• _WHAT IS REQUIRED_:
The expected response is an exact repetition of every record, with images excluded.

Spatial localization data

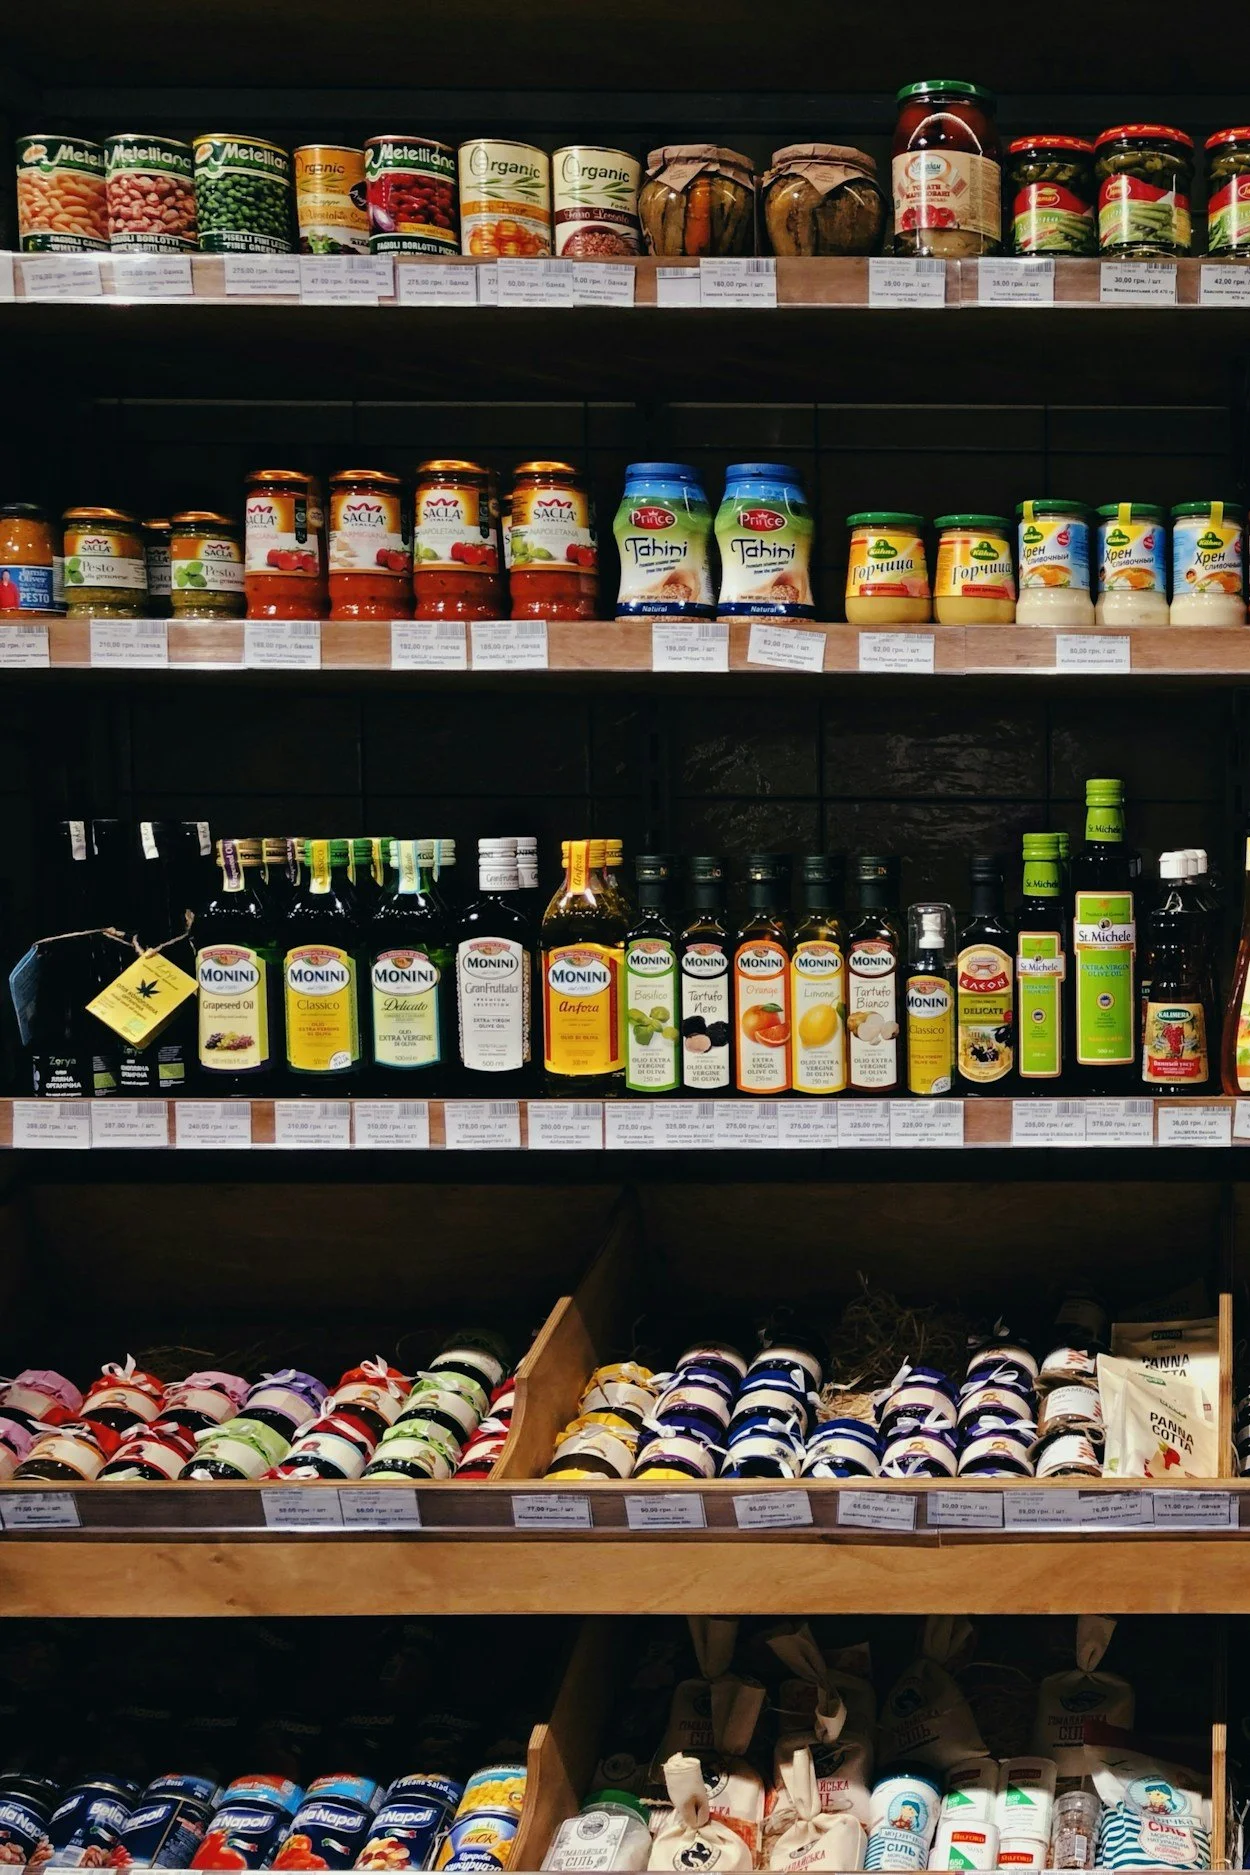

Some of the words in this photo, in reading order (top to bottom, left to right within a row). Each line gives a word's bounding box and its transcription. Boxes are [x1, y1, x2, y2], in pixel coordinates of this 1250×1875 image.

[106, 144, 191, 169] Metelliana
[372, 142, 455, 170] Metelliana
[469, 146, 540, 179] Organic
[562, 153, 630, 183] Organic
[136, 235, 179, 246] BORLOTTI
[222, 233, 252, 242] PISELLI
[254, 235, 270, 245] FINI
[377, 241, 399, 251] FAGIOLI
[402, 241, 437, 252] BORLOTTI
[1132, 278, 1146, 286] грн.
[1233, 279, 1248, 287] грн.
[630, 509, 677, 527] Prince
[740, 511, 785, 528] Prince
[1107, 536, 1130, 544] Kühne
[1199, 539, 1223, 547] Kühne
[625, 537, 688, 558] Tahini
[731, 539, 796, 559] Tahini
[868, 547, 898, 558] Kühne
[1022, 545, 1046, 562] Хрен
[971, 548, 999, 560] Kühne
[1105, 548, 1132, 563] Хрен
[1196, 552, 1225, 564] Хрен
[82, 561, 114, 573] Pesto
[1112, 557, 1154, 568] сливочный
[205, 565, 235, 578] Pesto
[852, 559, 914, 582] Горчица
[20, 592, 50, 604] PESTO
[642, 605, 668, 613] Natural
[751, 605, 777, 613] Natural
[467, 957, 514, 969] MONINI
[630, 954, 671, 966] MONINI
[685, 956, 725, 967] MONINI
[740, 957, 783, 968] MONINI
[798, 957, 838, 968] MONINI
[852, 956, 892, 966] MONINI
[200, 968, 255, 982] MONINI
[290, 968, 346, 982] MONINI
[374, 968, 435, 984] MONINI
[552, 969, 607, 984] MONINI
[465, 981, 519, 995] GranFruttato
[746, 984, 778, 998] Orange
[803, 988, 835, 999] Limone
[855, 986, 891, 998] Tartufo
[633, 989, 668, 1001] Basilico
[688, 991, 722, 1002] Tartufo
[202, 1001, 240, 1013] Grapeseed
[242, 1001, 254, 1011] Oil
[297, 999, 340, 1011] Classico
[382, 999, 428, 1012] Delicato
[558, 1001, 600, 1014] Anfora
[694, 1002, 718, 1014] Nero
[855, 998, 889, 1009] Bianco
[906, 996, 948, 1008] MONINI
[964, 1007, 1004, 1015] DELICATE
[1157, 1011, 1189, 1020] KALIMERA
[1149, 1411, 1195, 1447] PANNA
[1152, 1424, 1193, 1455] COTTA
[887, 1842, 917, 1857] СІЛЬ
[566, 1854, 594, 1867] СІЛЬ
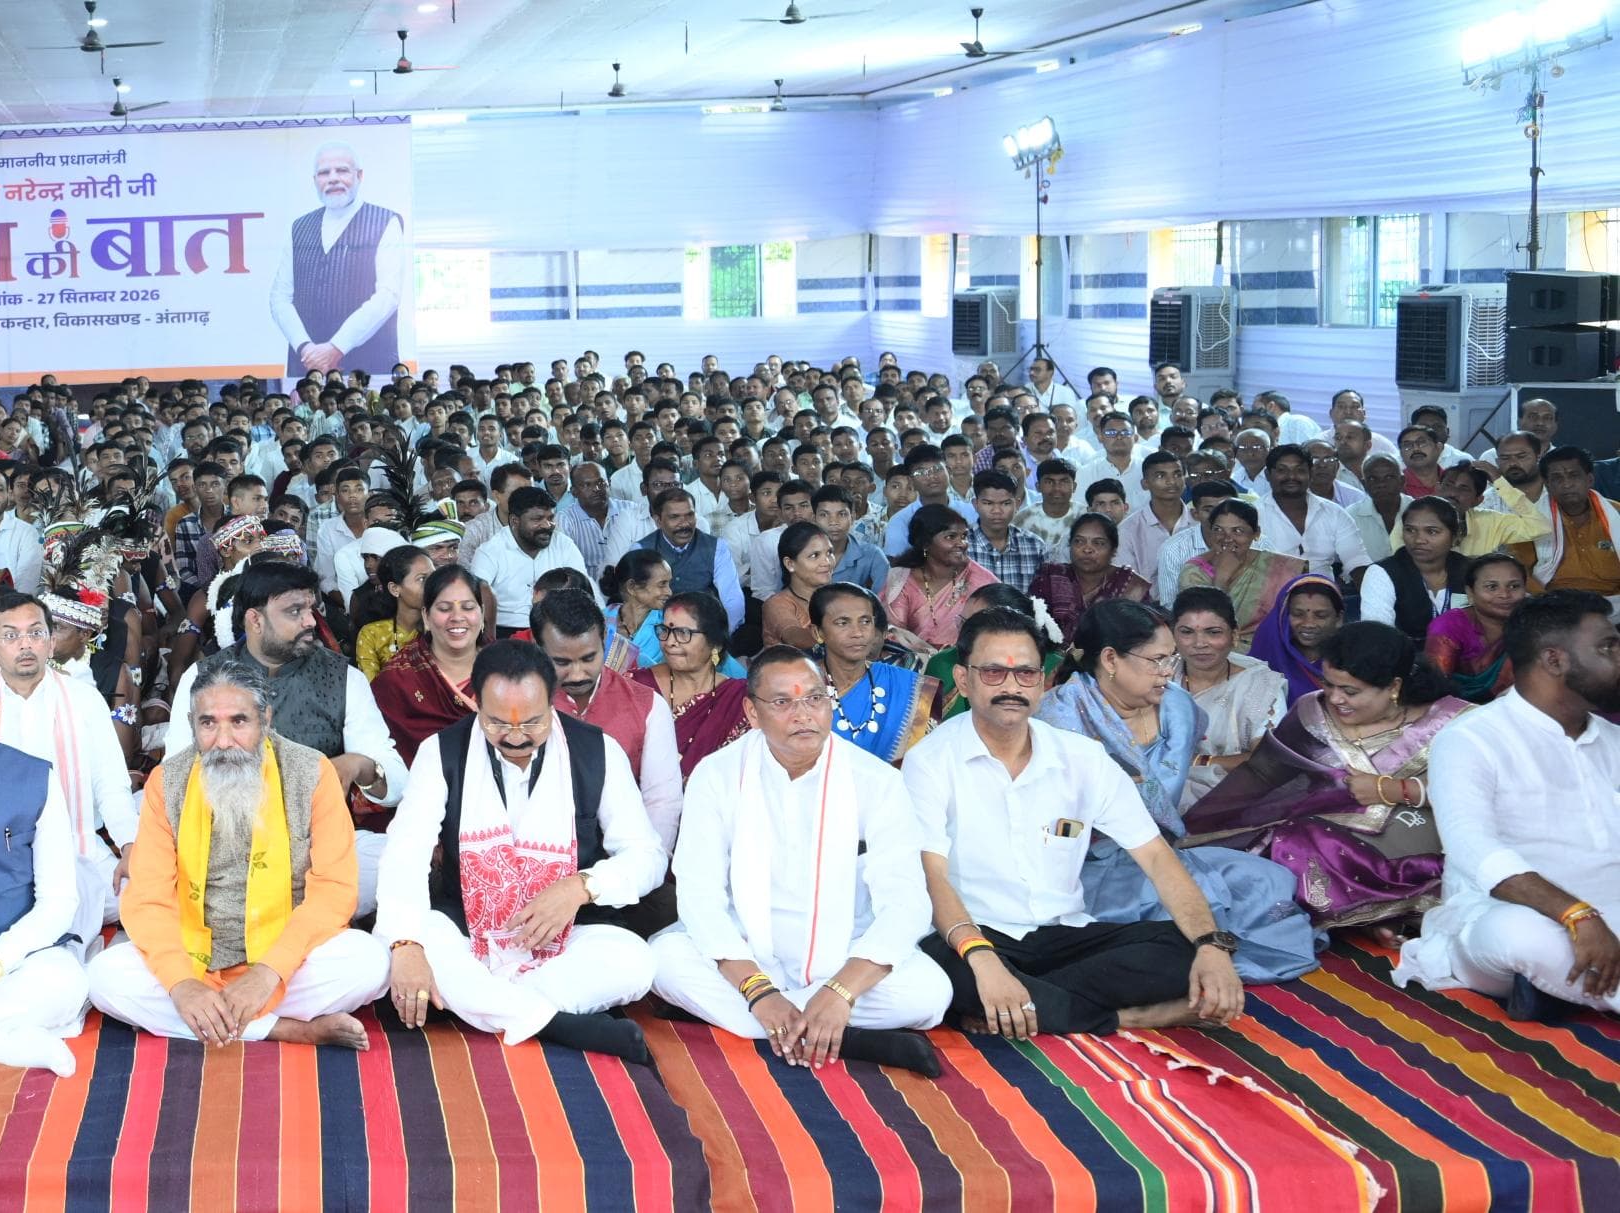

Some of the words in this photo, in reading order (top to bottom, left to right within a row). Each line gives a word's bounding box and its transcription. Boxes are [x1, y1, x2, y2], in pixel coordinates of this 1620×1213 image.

[59, 149, 127, 167] प्रधानमंत्री
[2, 177, 65, 202] नरेन्द्र
[69, 174, 122, 199] मोदी
[127, 172, 157, 197] जी
[26, 238, 80, 280] की
[86, 212, 264, 277] बात
[37, 292, 55, 305] 27
[59, 288, 117, 304] सितम्बर
[120, 289, 160, 302] 2026

• _OUTPUT FOR THIS EXERCISE_:
Some of the words in this photo, in reading order (top to bottom, left to right within a row). Each line gives a word's bounding box and its transcription. Boxes are [x1, y1, x2, y2], in pixel coordinates of this 1250×1875 image.

[106, 144, 191, 169] Metelliana
[372, 142, 455, 170] Metelliana
[469, 146, 540, 179] Organic
[562, 153, 630, 183] Organic
[136, 235, 179, 246] BORLOTTI
[222, 233, 252, 242] PISELLI
[254, 235, 270, 245] FINI
[377, 241, 399, 251] FAGIOLI
[402, 241, 437, 252] BORLOTTI
[1132, 278, 1146, 286] грн.
[1233, 279, 1248, 287] грн.
[630, 509, 677, 527] Prince
[740, 511, 785, 528] Prince
[1107, 536, 1130, 544] Kühne
[1199, 539, 1223, 547] Kühne
[625, 537, 688, 558] Tahini
[731, 539, 796, 559] Tahini
[868, 547, 898, 558] Kühne
[1022, 545, 1046, 562] Хрен
[971, 548, 999, 560] Kühne
[1105, 548, 1132, 563] Хрен
[1196, 552, 1225, 564] Хрен
[82, 561, 114, 573] Pesto
[1112, 557, 1154, 568] сливочный
[205, 565, 235, 578] Pesto
[852, 559, 914, 582] Горчица
[20, 592, 50, 604] PESTO
[642, 605, 668, 613] Natural
[751, 605, 777, 613] Natural
[467, 957, 514, 969] MONINI
[630, 954, 671, 966] MONINI
[685, 956, 725, 967] MONINI
[740, 957, 783, 968] MONINI
[798, 957, 838, 968] MONINI
[852, 956, 892, 966] MONINI
[200, 968, 255, 982] MONINI
[290, 968, 346, 982] MONINI
[374, 968, 435, 984] MONINI
[552, 969, 607, 984] MONINI
[465, 981, 519, 995] GranFruttato
[746, 984, 778, 998] Orange
[803, 988, 835, 999] Limone
[855, 986, 891, 998] Tartufo
[633, 989, 668, 1001] Basilico
[688, 991, 722, 1002] Tartufo
[202, 1001, 240, 1013] Grapeseed
[242, 1001, 254, 1011] Oil
[297, 999, 340, 1011] Classico
[382, 999, 428, 1012] Delicato
[558, 1001, 600, 1014] Anfora
[694, 1002, 718, 1014] Nero
[855, 998, 889, 1009] Bianco
[906, 996, 948, 1008] MONINI
[964, 1007, 1004, 1015] DELICATE
[1157, 1011, 1189, 1020] KALIMERA
[1149, 1411, 1195, 1447] PANNA
[1152, 1424, 1193, 1455] COTTA
[887, 1842, 917, 1857] СІЛЬ
[566, 1854, 594, 1867] СІЛЬ

Some of the words in this photo, in reading order (top to bottom, left to right within a row). Each line gives a word's bounding box and its transcription. Boxes are [x1, y1, x2, y2], in pixel coordinates of this 1620×1213 image.

[59, 149, 127, 167] प्रधानमंत्री
[2, 177, 65, 202] नरेन्द्र
[69, 174, 122, 199] मोदी
[127, 172, 157, 197] जी
[26, 238, 80, 280] की
[86, 212, 264, 277] बात
[37, 292, 55, 305] 27
[59, 288, 117, 304] सितम्बर
[120, 289, 160, 302] 2026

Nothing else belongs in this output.